和父亲吃完早饭,父亲就背上背篓上路了。春妮便挎着书包,默默地跟在他身后,打算送他一程。她父亲没有说话,只有嚓嚓的脚步声越来越慢,喘息越来越重。很显然,父亲还在愤怒的火焰之中没有突围出来。一直走到董松家门口,父亲才转过身来对她说:“你跟来搞甚事?”
“送送您。”
春妮父亲的脸还是肿得闪着蓝光,眼里喷着红通通的怒火。但他没再说话,又转过身继续往前走。
这样一直爬上村后的山包,对面的群山一一在眼里活蹦乱跳地出现,春妮的父亲这才转过身对春妮说:“你上学去吧,送到这里就可以了。”
春妮停下来,望着她父亲的眼睛,发现他眼里的怒火正在慢慢地熄灭。脸上的蓝光已经消退。话里的慈爱也从他的嘴里漏出来,铺满了山峦。但春妮心里却爬进去了一堆火,烫得她的心一阵阵紧缩。
春妮父亲又说:“你给我记住,人残不要紧,心不能残,志气不能残。你自己一定要知道发奋。不要怕失败,也不要怕人家欺负,人受点磨难有好处的。”

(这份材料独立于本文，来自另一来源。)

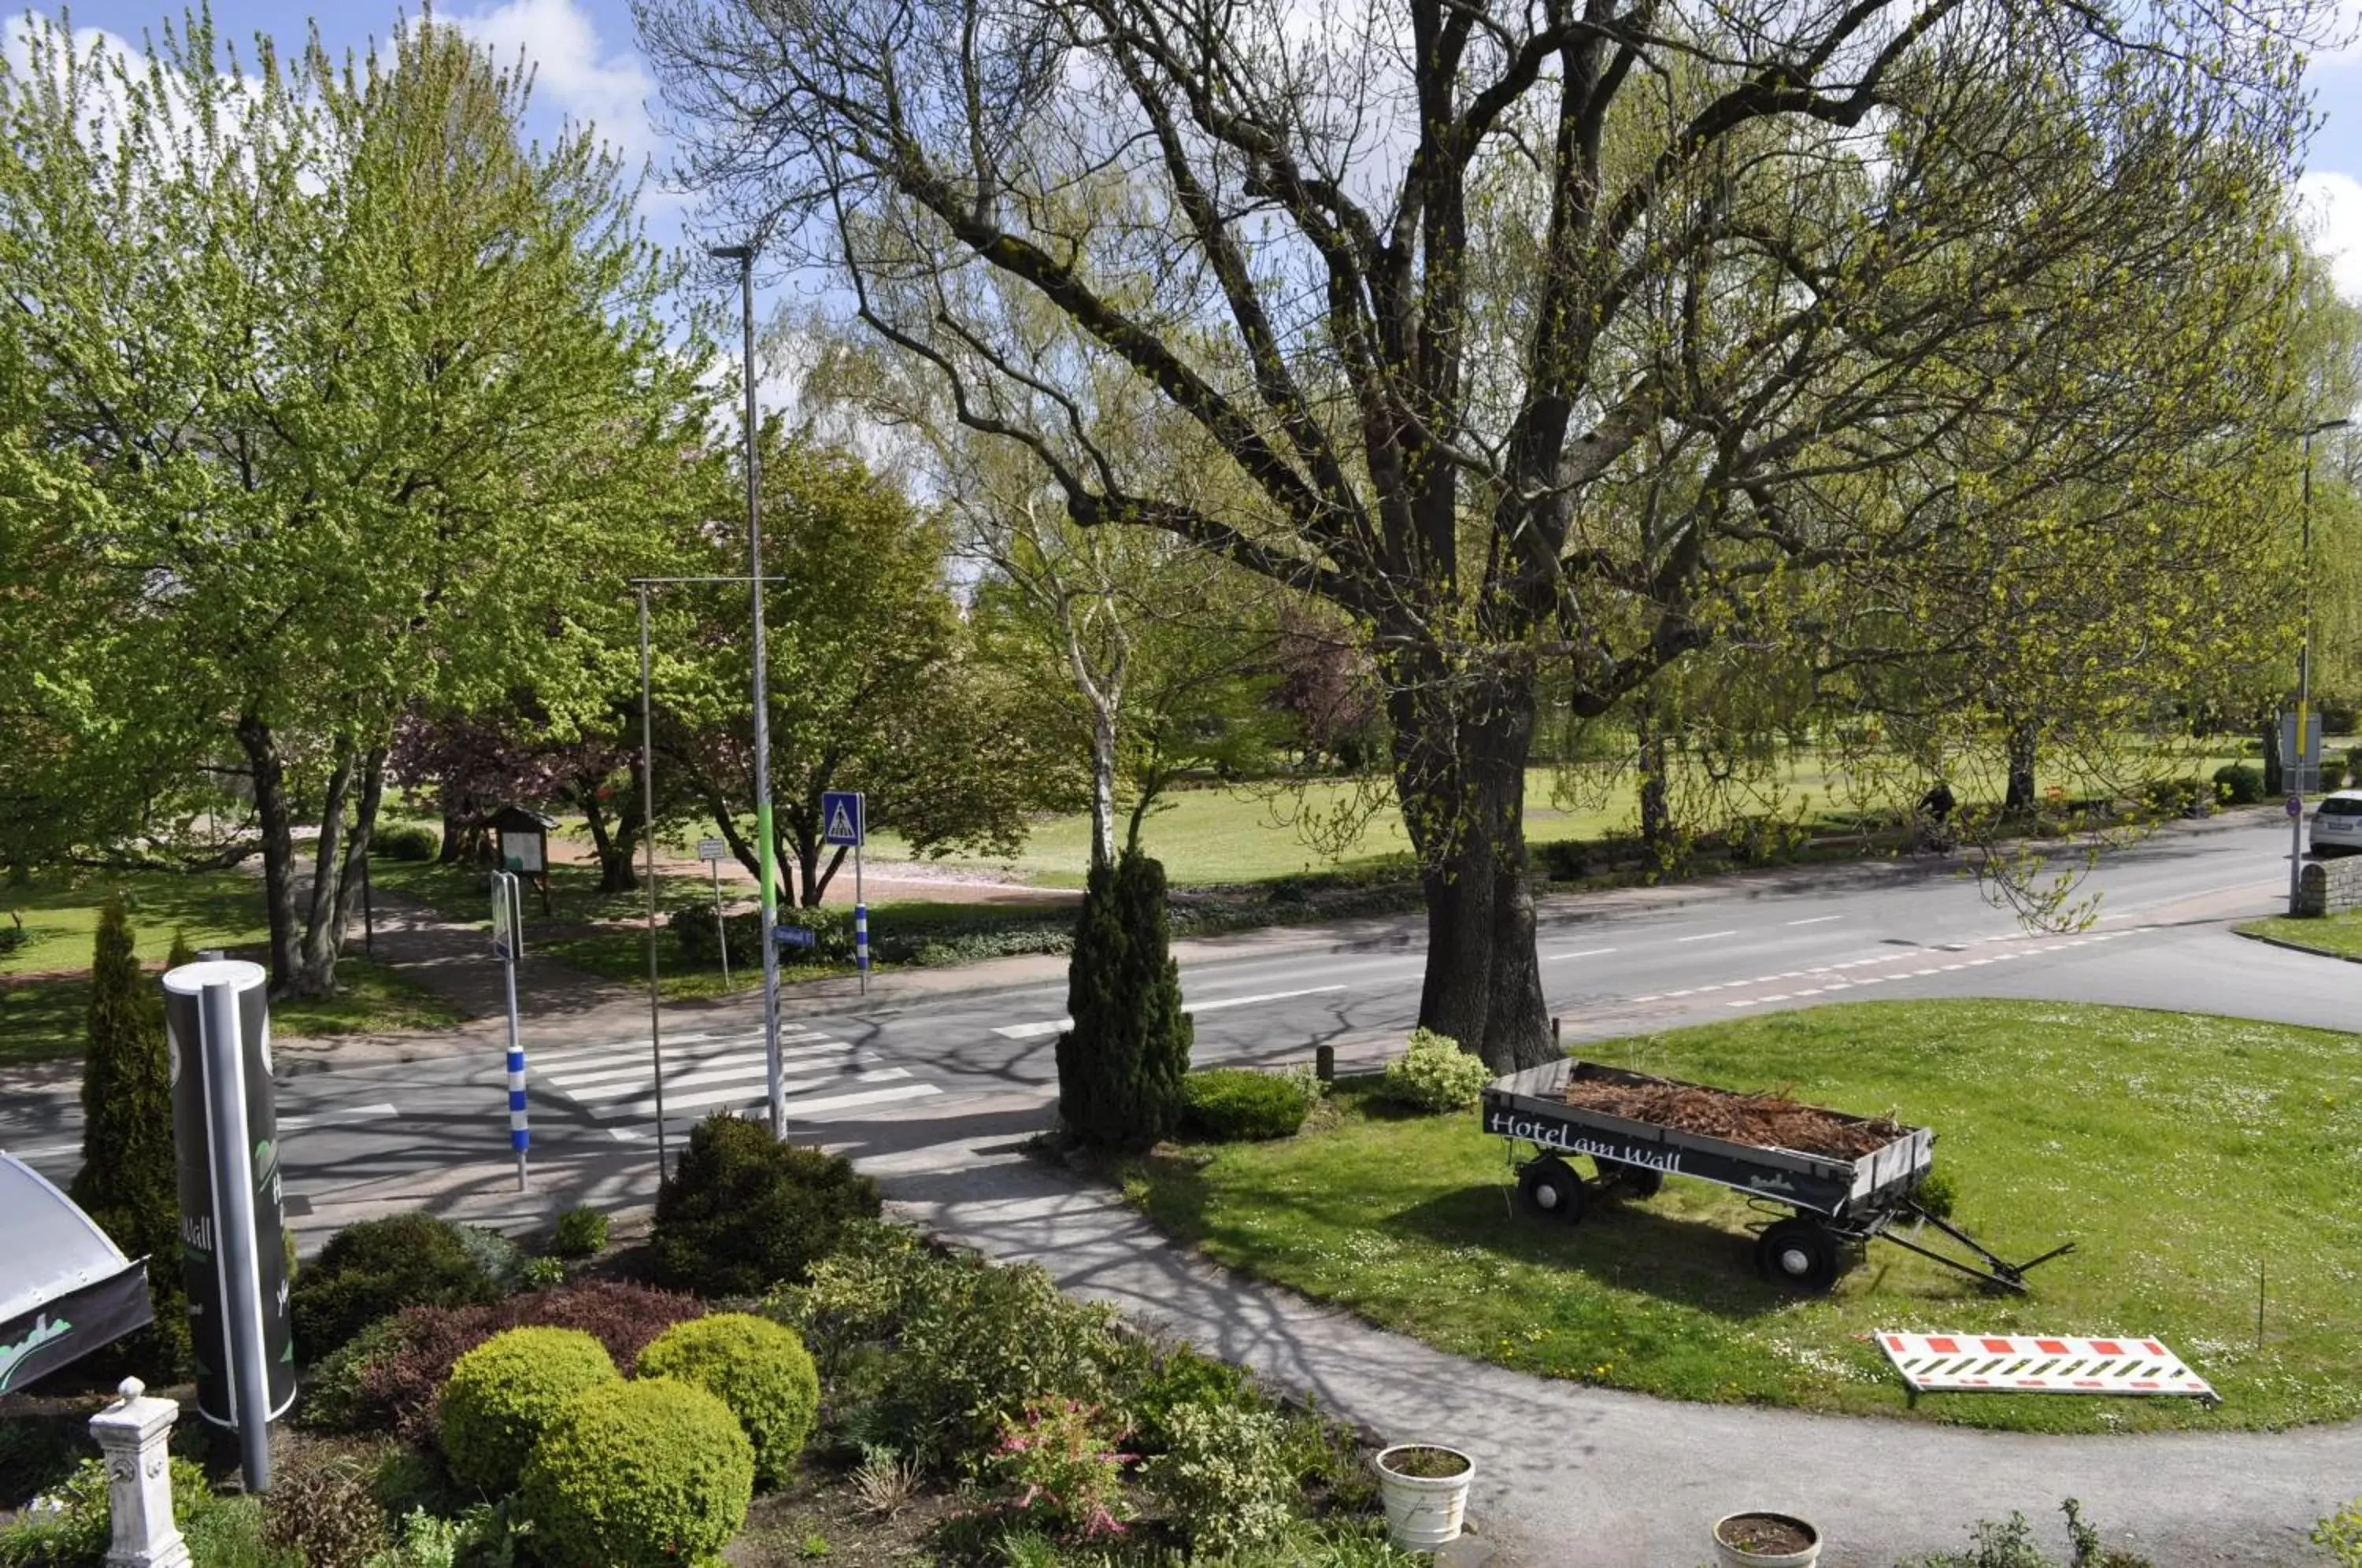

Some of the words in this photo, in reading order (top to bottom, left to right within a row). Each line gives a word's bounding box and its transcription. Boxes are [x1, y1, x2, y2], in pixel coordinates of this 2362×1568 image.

[1491, 1112, 1568, 1148] Hotel
[1575, 1137, 1614, 1158] am
[1624, 1146, 1680, 1172] Wall

父亲的慈爱和期待,瞬间就变成温暖的怀抱,一下子就将春妮孤独的心紧紧地搂在了怀里。泪水哗哗奔涌而下。满腹的话则全被堵在喉咙的深处出不来,只能连连点头,一一应下。就连座座群山也全被感染,在阳光下和她一起摸泪。
父亲又说:“你自己照护好自己,啊?去吧,我过不了多久就会回来。去吧,去吧。”
春妮点点头:“爹您慢走。”
“嗯。”
春妮便转身插翅朝学校飞去。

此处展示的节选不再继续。